空間ゼリーvol. 11「暗ポップ」
空間ゼリープロデュースの芝居は過去2作(UNO:Rと猫目倶楽部2)を見たことがありますが、空間ゼリーが自主的に制作する「本公演」の観劇は初めてです。今日は3公演上演されるのですが、その全部のチケットがあるので、メロン記念日がまだイベントのため居残っている札幌からトンボ帰り。ぶっちゃけ、重たい内容で、1日3回見るような内容ではないですが、「本公演」だけあって、濃く堅実な作りでした。
このお話の要旨を金子みすゞ的に言えば、「みんなちがって、みんないい」ですかね。
人間のメンタルな障害って、一様的にとらえていいものじゃないし、治るかどうかというよりは、治さなくてもいい部分もあるのかもしれません。人間は多種多様です。普通の人間だとか、「おかしい」人間だとか、簡単にくくってはいけないんだと思います。「本来のちーちゃん」って何なの?それをだれが取り戻してくれるの、それは人それぞれなんですね。

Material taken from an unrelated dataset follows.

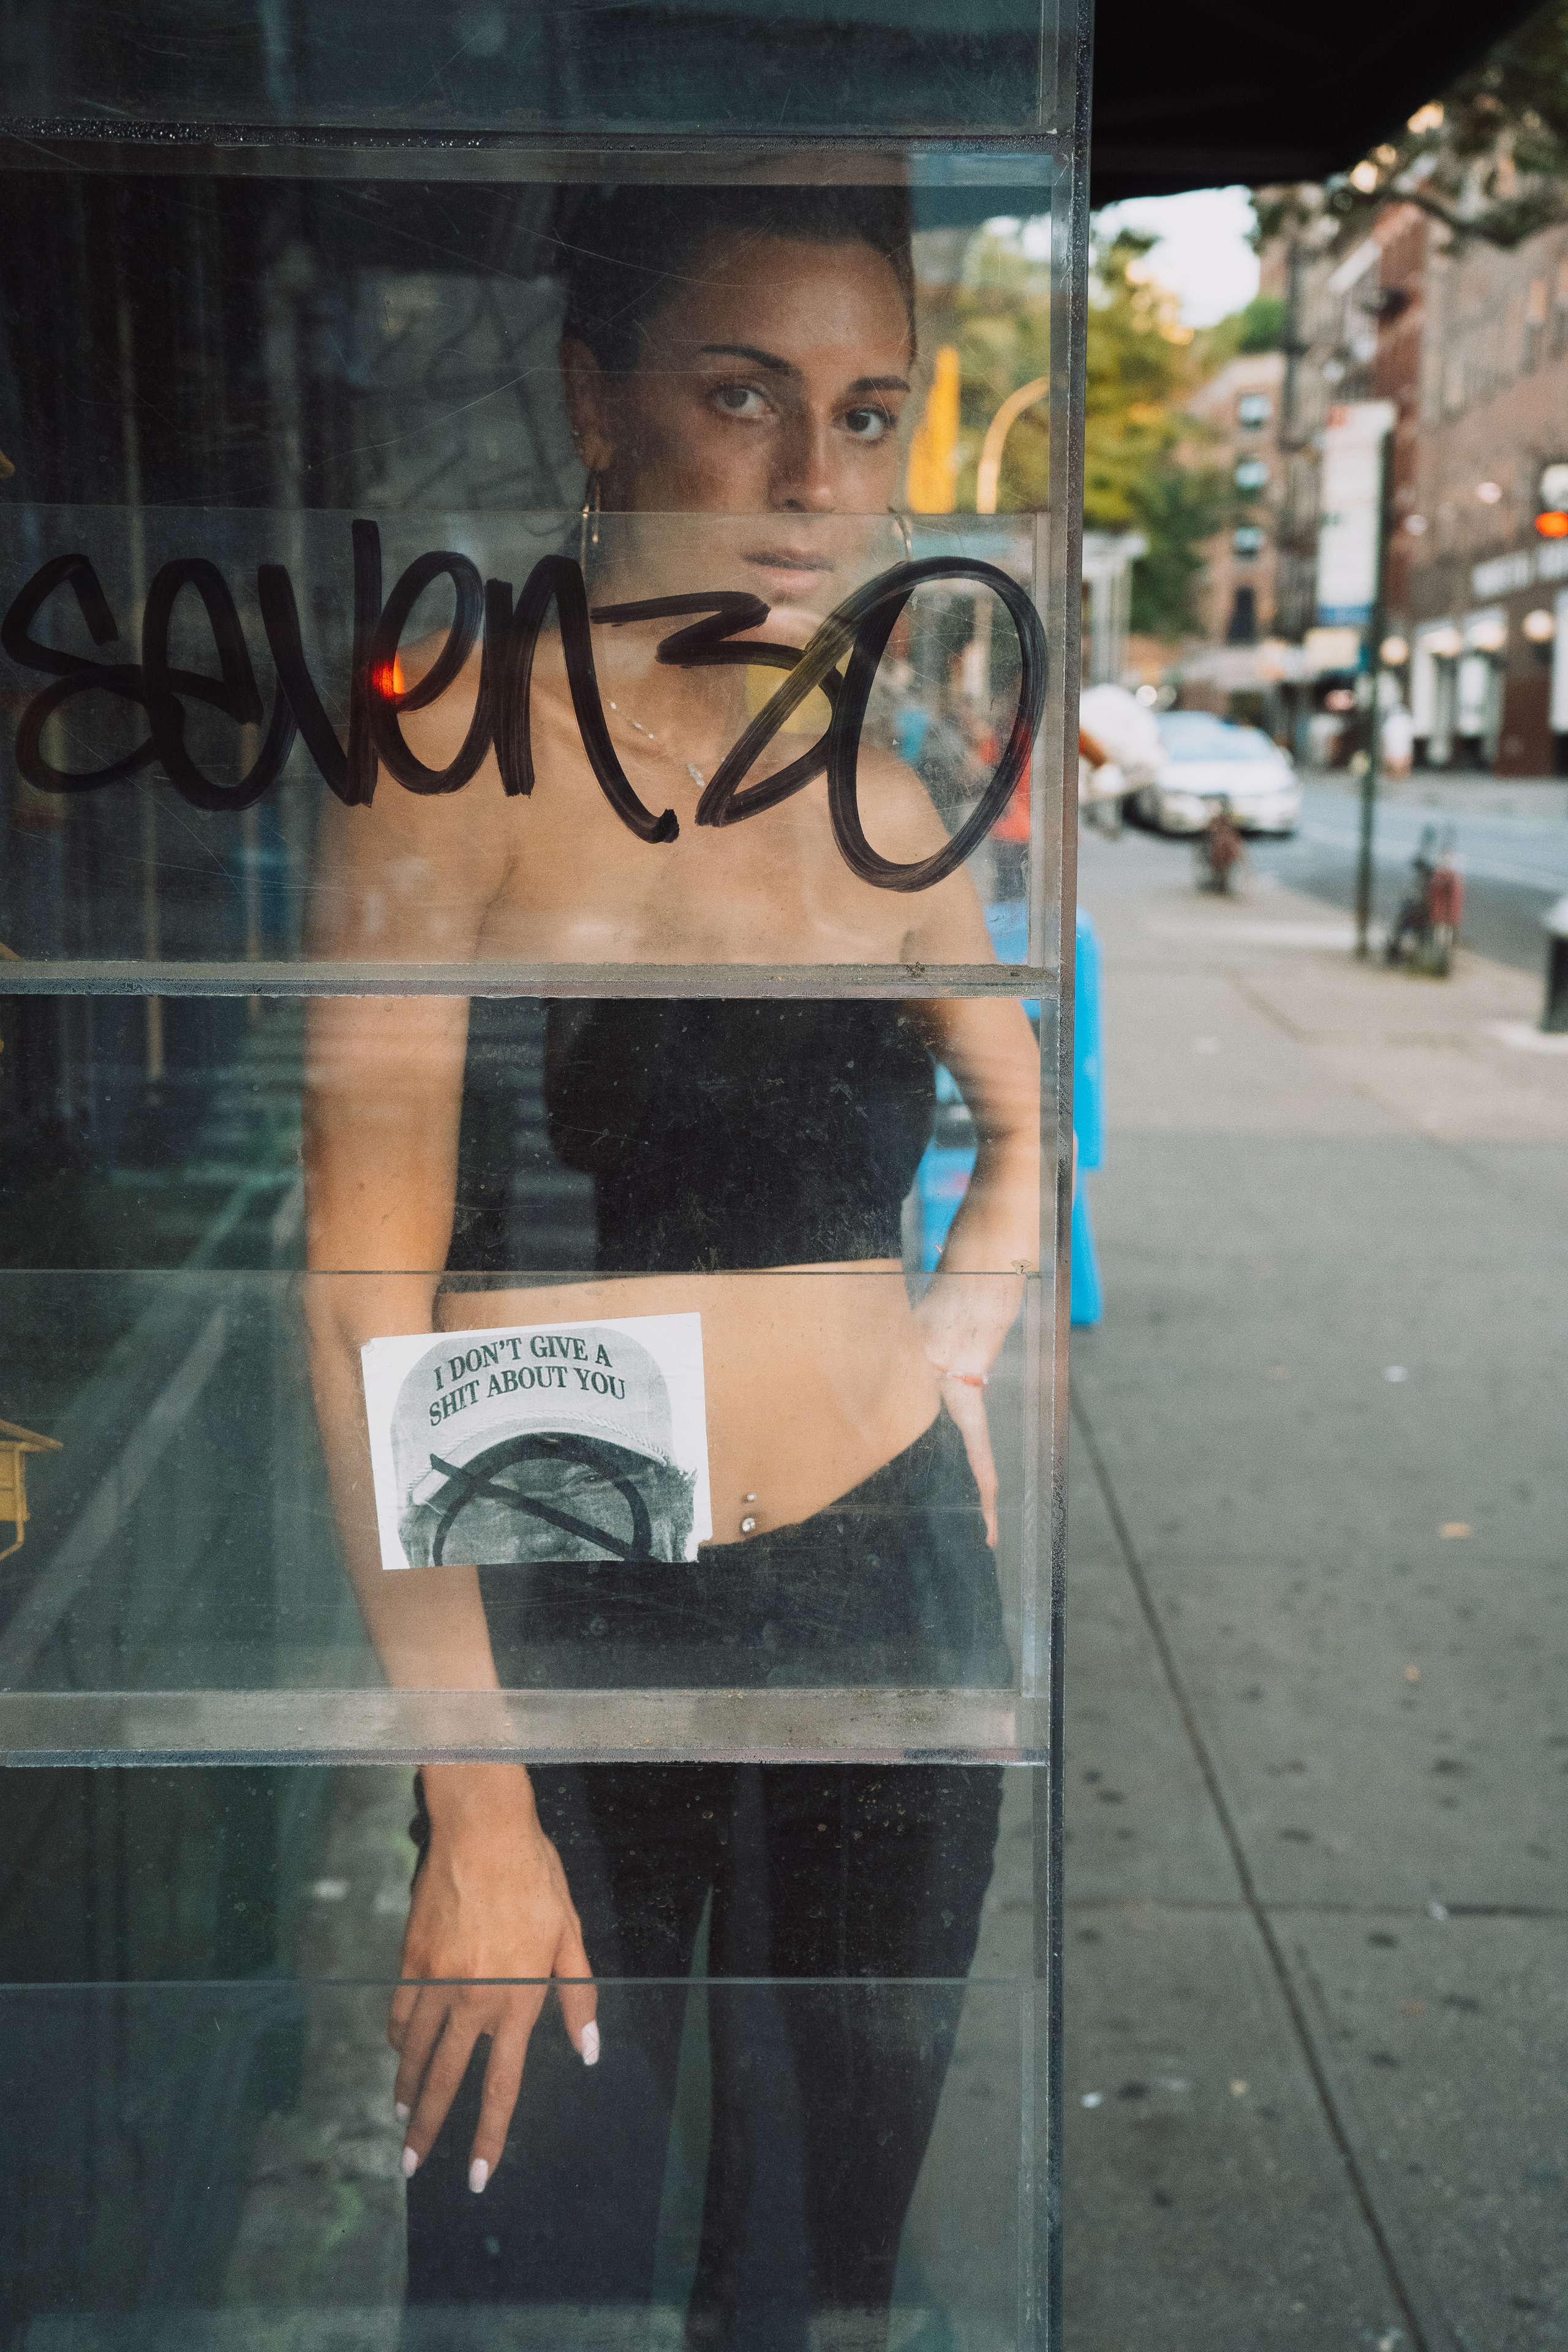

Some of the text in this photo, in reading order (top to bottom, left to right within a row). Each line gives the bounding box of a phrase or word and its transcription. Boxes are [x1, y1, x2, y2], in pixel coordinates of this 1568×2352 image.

[434, 1335, 613, 1392] I DON'T GIVE A
[429, 1365, 626, 1427] SHIT ABOUT YOU

その「ちーちゃん」を演じた、のっちこと能登有沙をはじめとするハロプロエッグの3人が、こうした題材に向き合えたことは、とっても意義があると思います。その中でも、今日の千秋楽をもって、進学のため引退するシーマンこと澤田由梨を見て、なおさら人間の多様性というのを考えさせられました。カーテンコールのあと卒業式がありましたが、飾らない内容。ひとりで舞台に立ったはいいが、「センターをとったことがない」ということで、何をすればいいか迷ったところは、もう、個性のうちなんですよね。みーここと仙石みなみも、かつて出ていたラジオ番組ではカミカミだったのですが、今回は自分の持ち味を残しつつしっかり成果を出していたように思います。
学校を中退(全員じゃないかもしれんが)したりなんかして10年近くやってるメロン記念日みたいな人もいれば、逆に正式な芸能人になれずに学問への専念を決めるシーマンみたいな人もいる。人生いろいろ。仮にセンターをとらせてもらっていれば、辞めていなかったのかもしれないですね。エッグの厳しさを生で感じた現場でした。
あとは、ダブル主役の斎藤ナツ子(空間ゼリー看板女優)と小川麻琴(モーニング娘。時代は三枚目キャラ)の手堅い芝居が印象的でした。当たり前のことかもしれないんですが、「素」を感じさせないどころか、それが「素」であるような感じ。
1回目公演のあと、主宰のつぼふみ司会によるアフタートークショーがあったのですが、そっちは和やかムード。ハロプロエッグが相当お好きなのか、エッグの3人だけでなく、他の女性陣もあわせて「ハロプロエッグの5人でーす!」と紹介。かなーり底なしに稽古が続いたとのことですが、それは芝居にちゃんと現れてると思います。しかしまぁ、のっちの「純粋じゃなきゃ2次元に恋できません!」発言には、改めて彼女の濃さを感じたというか、人間が多種多様いるように、アイドルにも多種多様があるんだなと納得した次第なのでした。
のっちも、みーこも、もう「エッグ」の肩書きを外してあげましょうよ。
今日の3公演だけでなく、昨日以前含む全公演、ほぼ満席だったようです。今日はメロン記念日のためにプロデュースしたUNO:R同様、敷地内の屋外で空間ゼリーの大物販大会が繰り広げられました。つぼふみが「緑の4人が(ここ東京に)いないから」晴れとか、メロン記念日を知っていて、かつ「雨女」であることを知らないとどうにも笑えないネタをかましたのが気になったのですが、千秋楽公演の客席の反応からすると、ほとんどの観客はUNO:Rも猫目倶楽部2も見に来てるようだったので、あながちKYな発言ではなかったのかもしれません。ちなみに「緑の4人」ことメロン記念日のいた札幌はいい天気だったのだけどね…。
UNO:Rは、メロンありきで作った芝居。こちらは、空間ゼリーがやりたいようにやった芝居。その差が見てとれました。